God is Not GreatChristopher Hitchens’ book, God is Not Great:  How Religion Poisons Everything, was a best seller. This Interfaith Reflections post is more a critique of that book than a review.  Does religion really poison EVERYTHING?  Read on.

Hitchens, without question the star player among five acerbic writers dubbed “The New Atheists”, died of esophageal cancer at the end of 2011.  A renowned journalist, political commentator, and essayist, he had a rapier mind, a bulldog’s persistence in argument, and a charmer’s way with words.  As I began reading God is Not Great:  How Religion Poisons Everything I was dazzled by his command of English.  The man could write as very few can.  The world will be poorer for the loss of his satiric and caustic pen, and his unflagging zeal to to rout ignorance, injustice, and dogmatism.  This pastor and interfaith activist found much to commend in this notorious book, for there is ample evidence that religion has indeed poisoned much in the history of humankind; though not as Hitchens avers, everything.

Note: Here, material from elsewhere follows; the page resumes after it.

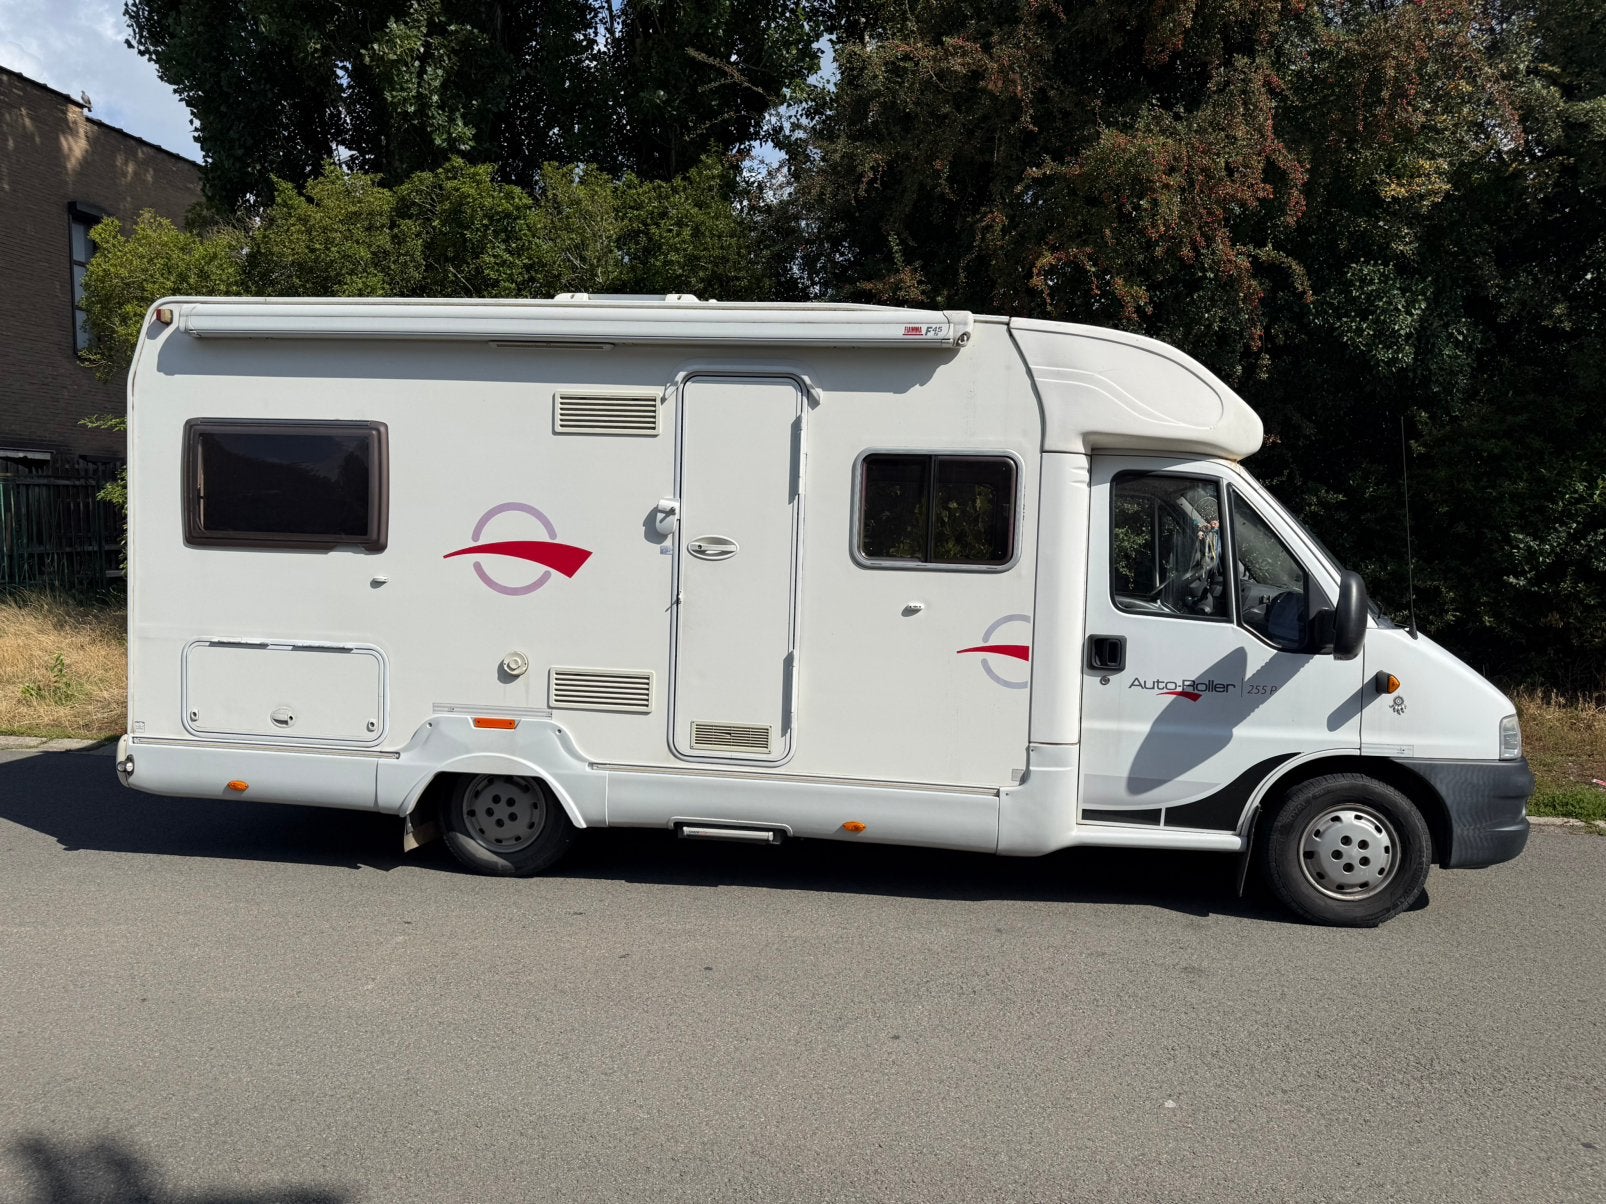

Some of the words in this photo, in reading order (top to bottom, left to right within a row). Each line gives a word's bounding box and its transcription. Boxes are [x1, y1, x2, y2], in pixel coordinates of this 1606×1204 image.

Does religion poison everything when it motivates an Albert Schweitzer to build a hospital in the jungle? Did religion poison everything when it inspired women of Hanover Street Presbyterian Church to establish classes for the children of laborers, which then, by the women’s persistent lobbying in the state legislature, grew into Delaware’s public school system?  Does religion poison everything when it drove Dr. Martin Luther King, Jr. to lead the Montgomery bus boycott, and then persist in the ensuing civil rights struggle until his dream, a dream seeded incidentally by sacred scriptures, began to blossom?

Hitchens acknowledges that religious people sometimes do good works.  However he resists conceding that there might be some benign influences in religion after all, contending that good done by pious people is attributable to their humanism, not their faith.  For example, he writes about King:

King [was] a humanist. . .He endures for that reason and his legacy has very little to do with his professed theology.  No supernatural force was required to make the case against racism.

Hitchens is right that ethics need not be founded upon religious belief, and that a strong case against racism can be made without such an appeal, but on what grounds does he claim that religion played no significant role in King’s prophetic behavior?  By what clairvoyance did he reach into King’s heart and mind, and know so assuredly the derivation of King’s dream?  Were Hitchens’ aim biography he would be ridiculed for ignoring contrary evidence to save his own hypothesis.  To claim that religion is of no account in explaining why King did what he did is a ludicrous twisting of truth.  King was indeed a humanist, but that does not adequately explain who he was, nor the genesis of his dream. Does religion really poison EVERYTHING? Quite evidently not, but Hitchens cannot concede the point, else the whole premise of his book collapses.  Like the dogmatists he decries, he overreaches, begging the major question more and more, his argument devolving into rant.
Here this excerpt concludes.